Only the best Christmas turkeys qualify as finest*. We caught up with Jonathan Skinner, one of the many brilliant British farmers rearing birds for the finest* range this year.
How it all began
Crown Farm, in Norfolk, has been in my family for over 20 years. I took over the management after completing my agriculture degree at university. It’s a mixed farm – so we breed livestock and grow crops. We have a turkey flock, plus 70 purebred Bleu du Maine sheep, as well as growing grains such as wheat and barley. The farm is based across two different sites, very close to each other, and both sites are part of environmental schemes that aim to encourage wildlife to prosper by keeping natural hedges and grasslands.
‘The turkeys we’ve been rearing this year will go to Tesco to be included in the finest* turkey range. They are Bronzes, which are a top-quality breed that grows really well. We slowly-rear the birds and they usually reach 5·5-7kg (12-15lb) in weight. They have a slightly gamey flavour and lots of meat on their breast, which makes them great for carving at Christmas.
Our turkeys are hatched then raised on a specialist brood farm for the first six weeks of their lives, so they come to us when they’re good and strong. Then we look after them until they are ready for Christmas. A content, cared for turkey is a good-tasting turkey. We keep all our birds in a very natural environment, and maintain the highest welfare standards, as required by Tesco, so they have the happiest possible life.
Free to roam
The birds are all free-range and housed in large wooden sheds with open sides, so they can roam in and out as they please. They have access to 20 acres of field and pasture with plenty of grass, weeds and seeds to scratch and peck through.

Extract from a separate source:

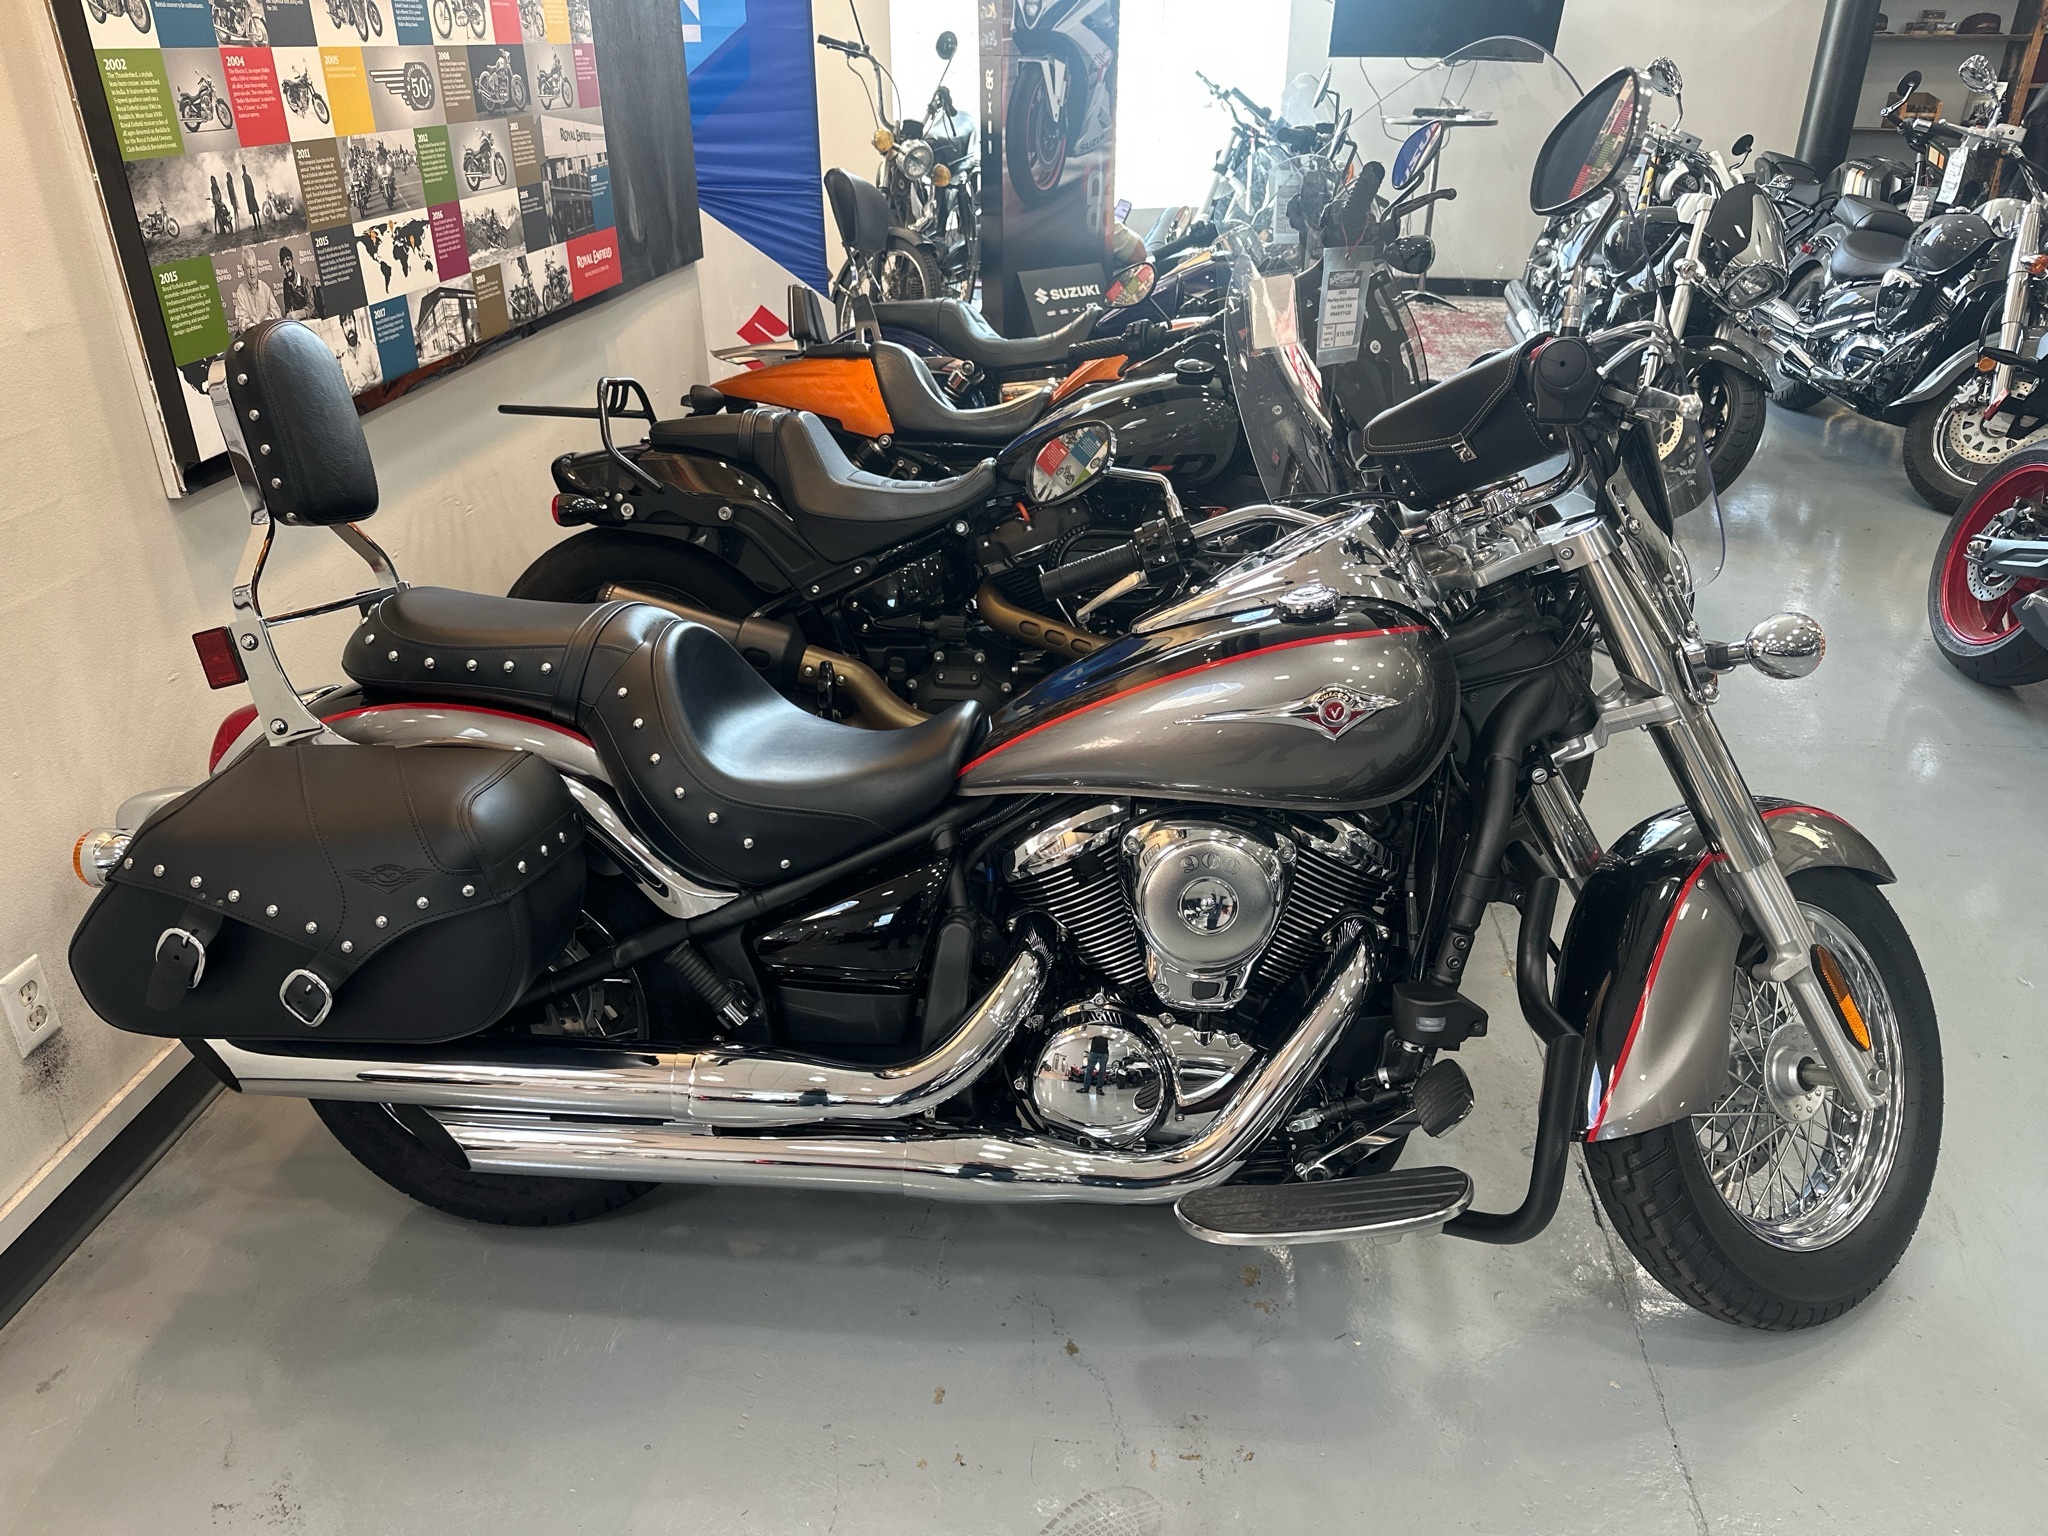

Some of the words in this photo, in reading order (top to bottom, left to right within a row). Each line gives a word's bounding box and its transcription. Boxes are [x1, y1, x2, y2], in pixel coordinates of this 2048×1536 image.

Inside the barns we keep deep litters of straw from our own farm and the birds have lots of natural light and ventilation. Turkeys are naturally active and inquisitive birds, and they need to be kept occupied. We give them lots of straw bales and perches to jump onto and hang CDs in the barn so they can see their own reflection, which keeps them amused and entertained.
When the Christmas season arrives, we try to keep the birds’ stress levels as low as possible, including making sure that the journey to factory is short – it’s just 20 minutes away. The turkeys are then delivered as quickly as possible to Tesco so they arrive in the best condition. We also try to be energy efficient in the way we farm, monitoring our use of energy and raw materials such as water.
We have a large family gathering at Christmas, and turkey is the star of the show. Luckily, I escape most of the cooking as my mother is a retired chef and an expert in the kitchen. You get so much meat from a Bronze that there’s always plenty left over, which we have in sandwiches with stuffing.